A simple query works for many years and then suddenly very slowly

I had a query that works fine for about 2 years. The database table has about 50 million rows and is growing slowly. Last week, one of my requests went from an almost instant return to hours of work.

Rank.objects.filter(site=Site.objects.get(profile__client=client, profile__is_active=False)).latest('id') 

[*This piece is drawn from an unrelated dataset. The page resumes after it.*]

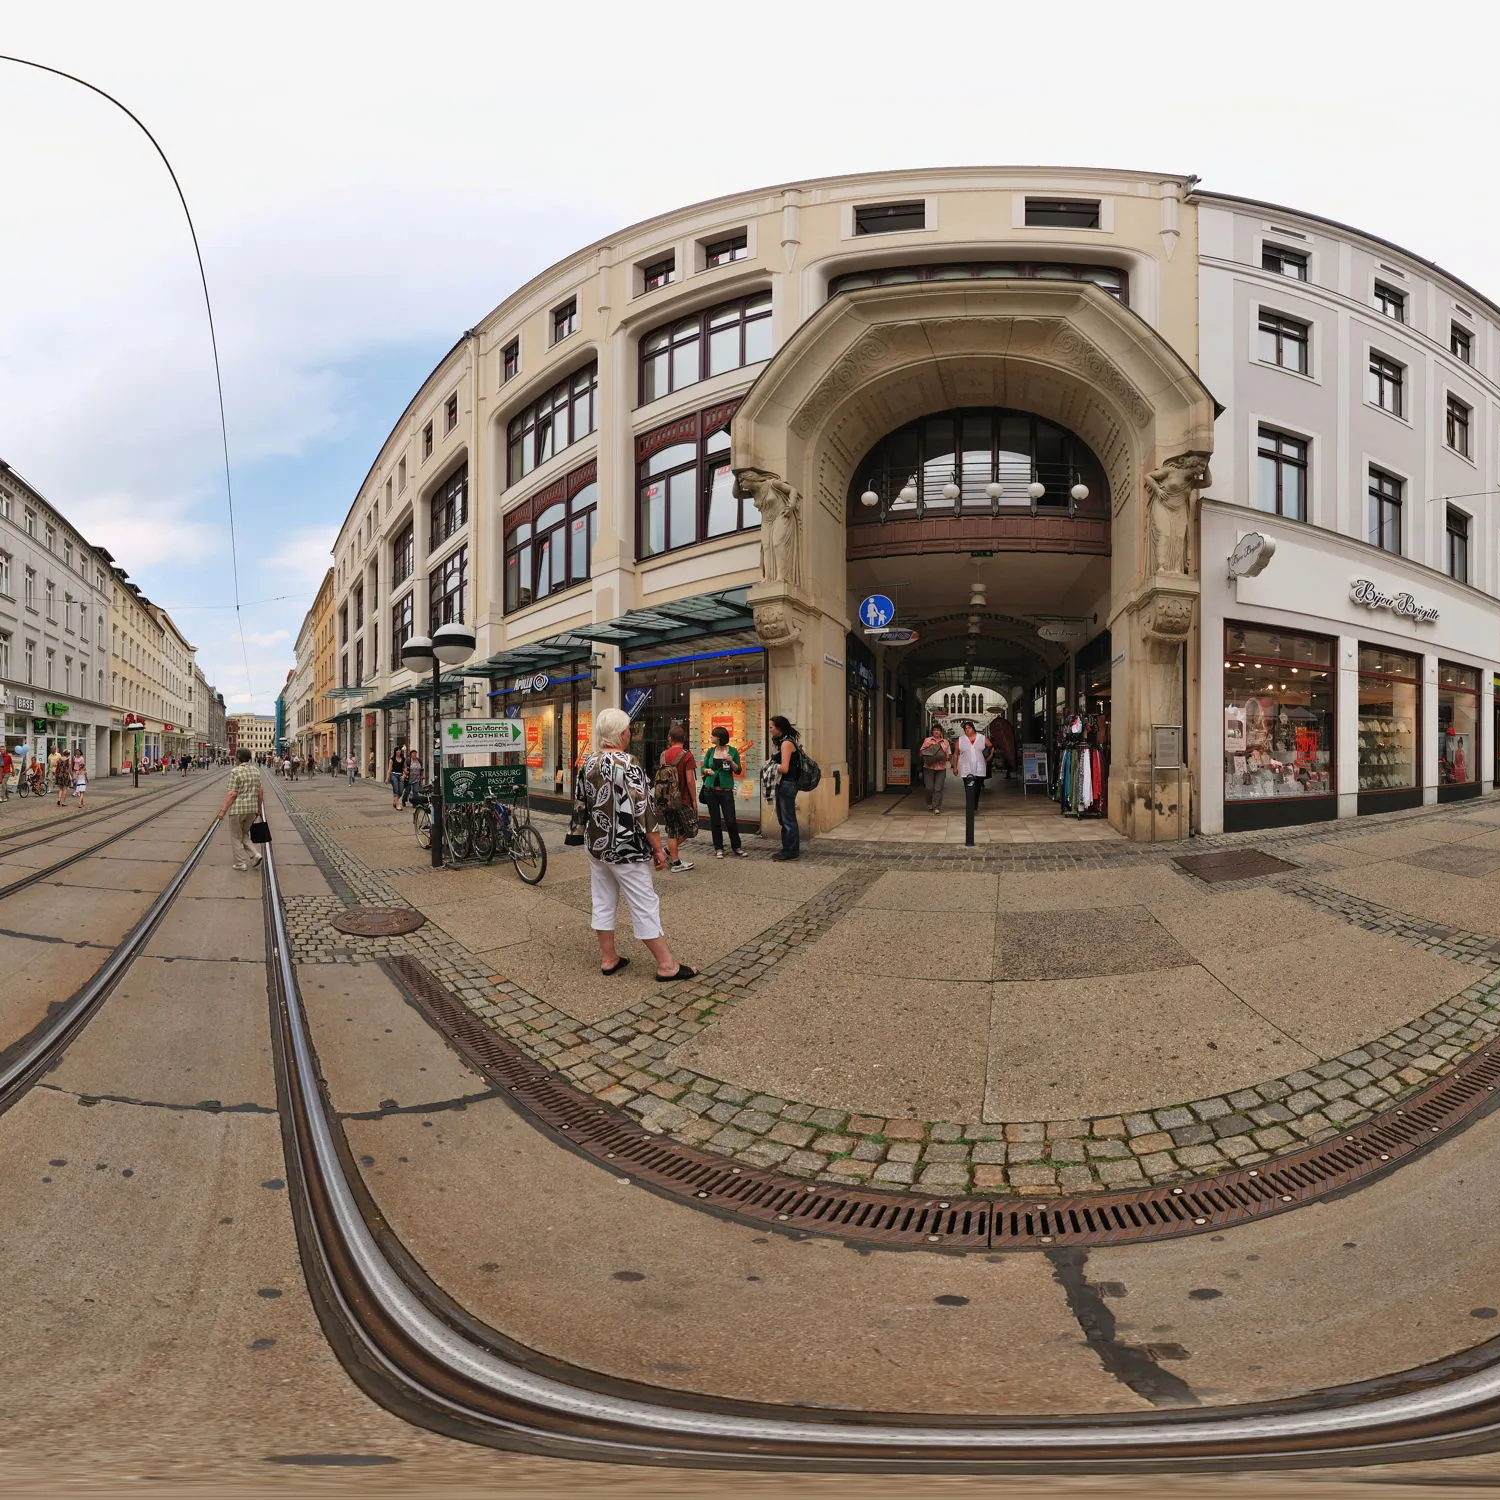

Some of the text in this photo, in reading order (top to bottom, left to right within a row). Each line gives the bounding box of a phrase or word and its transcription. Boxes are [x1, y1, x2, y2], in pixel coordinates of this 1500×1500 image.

[1353, 579, 1441, 621] Bijou Brigitte
[18, 698, 33, 710] BASE
[480, 769, 521, 778] STRASSBURG

I narrowed down the slow query to the Rank model. This seems to be related to using the latest () method. If I just ask for a request, it will immediately return an empty request.

 #count returns 0 and is fast Rank.objects.filter(site=Site.objects.get(profile__client=client, profile__is_active=False)).count() == 0 Rank.objects.filter(site=Site.objects.get(profile__client=client, profile__is_active=False)) == [] #also very fast 

Below are the results of running EXPLAIN. http://explain.depesz.com/s/wPh

AND EXPLAIN ANALYZE: http://explain.depesz.com/s/ggi

I tried to vacuum the table, no change. There is already an index (ForeignKey) in the "site" field.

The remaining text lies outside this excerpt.